Monday, 4 July 2011

Chest physiotherapy is an effective procedure in chronic pulmonary disorders.

Chest physiotherapy (CPT)
 
Definition
  • Chest physiotherapy (CPT) is  a technique used to mobilize or loose secretions in the lungs and respiratory tract. 
  • This is especially helpful for patients with large amount of secretions or ineffective cough.
  • Chest physiotherapy consists of external mechanical maneuvers, such as chest percussion, postural drainage, vibration, to augment mobilization and clearance of airway secretions, diaphragmatic breathing with pursed-lips, coughing and controlled coughing.
Anatomy and physiology of respiratory system
  • Lungs are the main organs of the respiratory system.
  • The lungs are located inside the upper part of our chest on either side of the heart, and they are protected by the ribcage.
  • The breastbone (sternum) is at the center front of the chest, and the spine is at the center of the back of the chest.
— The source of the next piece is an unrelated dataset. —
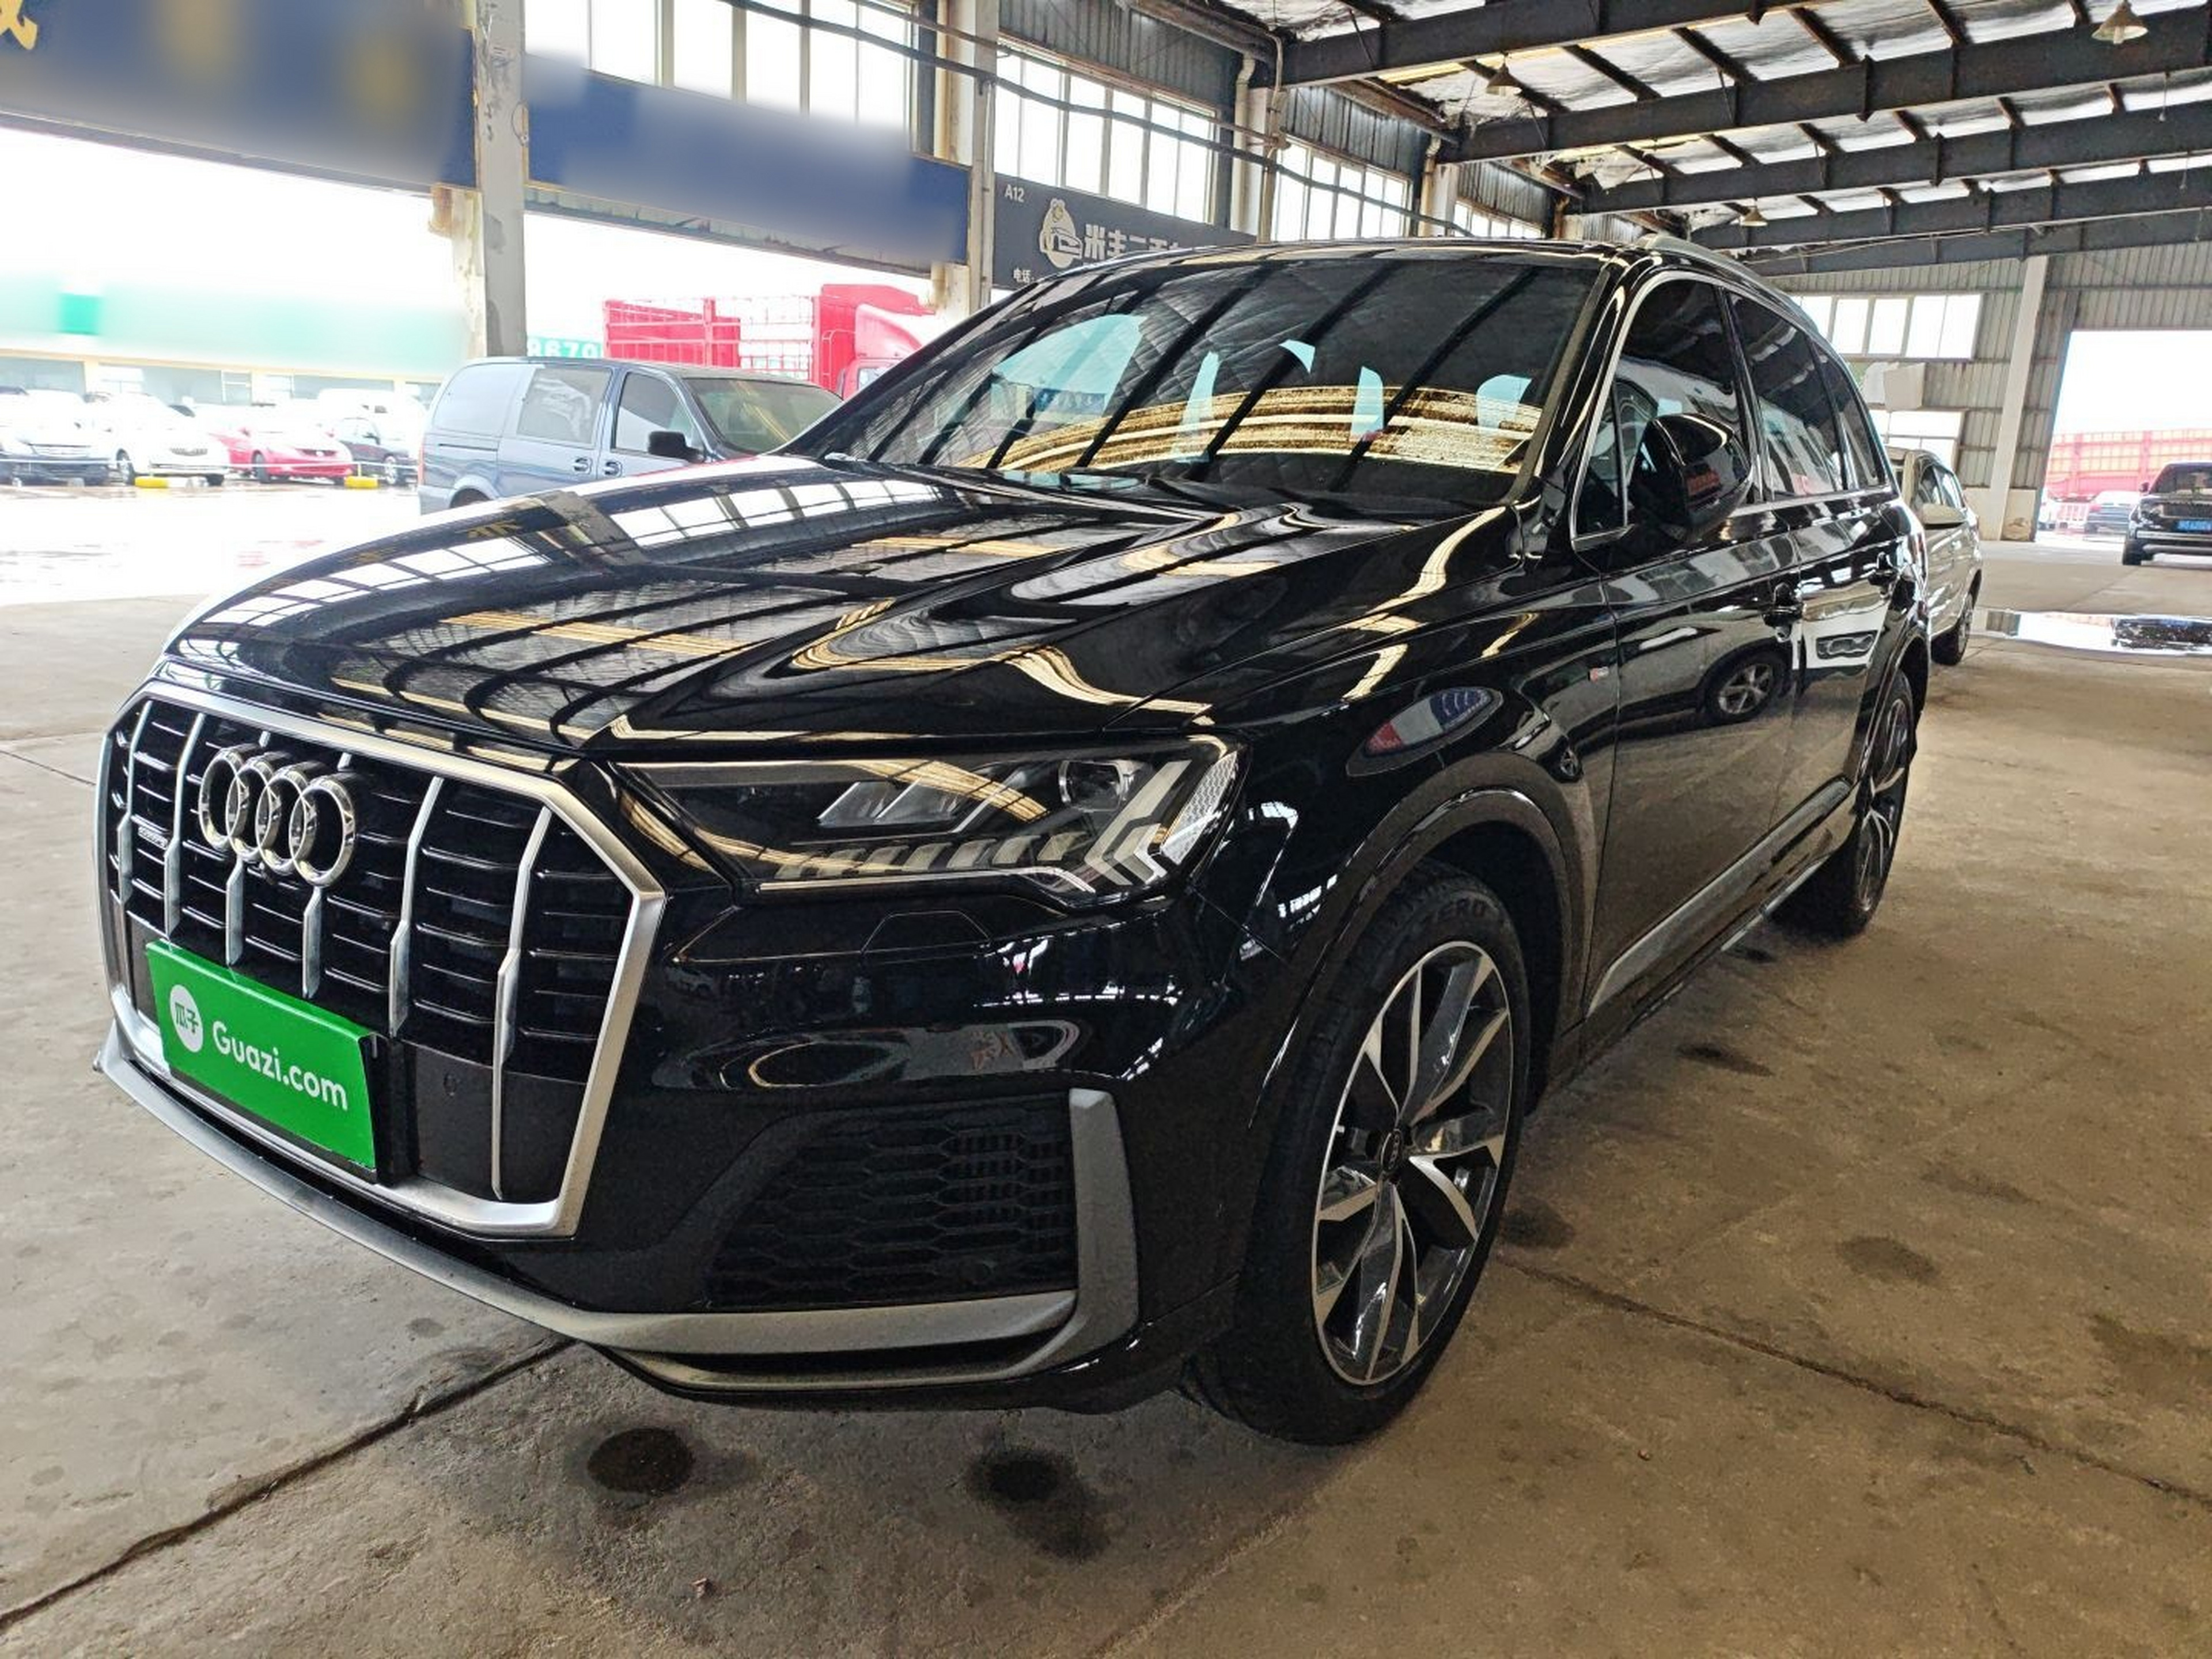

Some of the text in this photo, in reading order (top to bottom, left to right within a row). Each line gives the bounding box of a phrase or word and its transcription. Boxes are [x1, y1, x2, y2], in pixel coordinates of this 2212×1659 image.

[1005, 184, 1025, 202] A12
[175, 1002, 199, 1035] 瓜子
[213, 1021, 347, 1111] Guazi.com
  • The inside of the chest cavity and the outside of the lungs are covered by the pleura, a slippery membrane that allows the lungs to move smoothly as they fill up with and empty out air when we inhale and exhale.
  • Normally, there is a small amount of lubricating fluid between the two layers of the pleura.
  • This helps the lungs glide inside the chest as they change size and shape during breathing.
Air moves through the body in the following order:
  • Nostrils
  • Nasal cavity
  • Pharynx (naso-, oro-, laryngo-)
  • Larynx (voice box)
  • Trachea (wind pipe)
  • Thoracic cavity (chest)
  • Bronchi (right and left)
  • Alveoli (site of gas exchange)
Divisiond of the Trachea & Bronchi
  • The trachea leads down to the thoracic cavity (chest) where it divides into the right and left "main stem" bronchi.
  • The subdivisions of the bronchus are: primary, secondary, and tertiary divisions (first, second and third levels).
  • In all, they divide 16 more times into even smaller bronchioles. The bronchioles lead to the respiratory zone of the lungs, which consists of respiratory bronchioles, alveolar ducts and the alveoli, the multi-lobulated sacs in which most of the gas exchange occurs.
  • The right lung is composed of three lobes: the upper lobe, the middle lobe and the lower lobe.
  • The left lung is made up of only two lobes: the upper lobe and the lower lobe.
Lobes & Divisions of the lungs
  • The lobes are divided into smaller divisions called segments
  • The upper lobes on the left and right sides are each made up of three segments: apical, posterior and anterior.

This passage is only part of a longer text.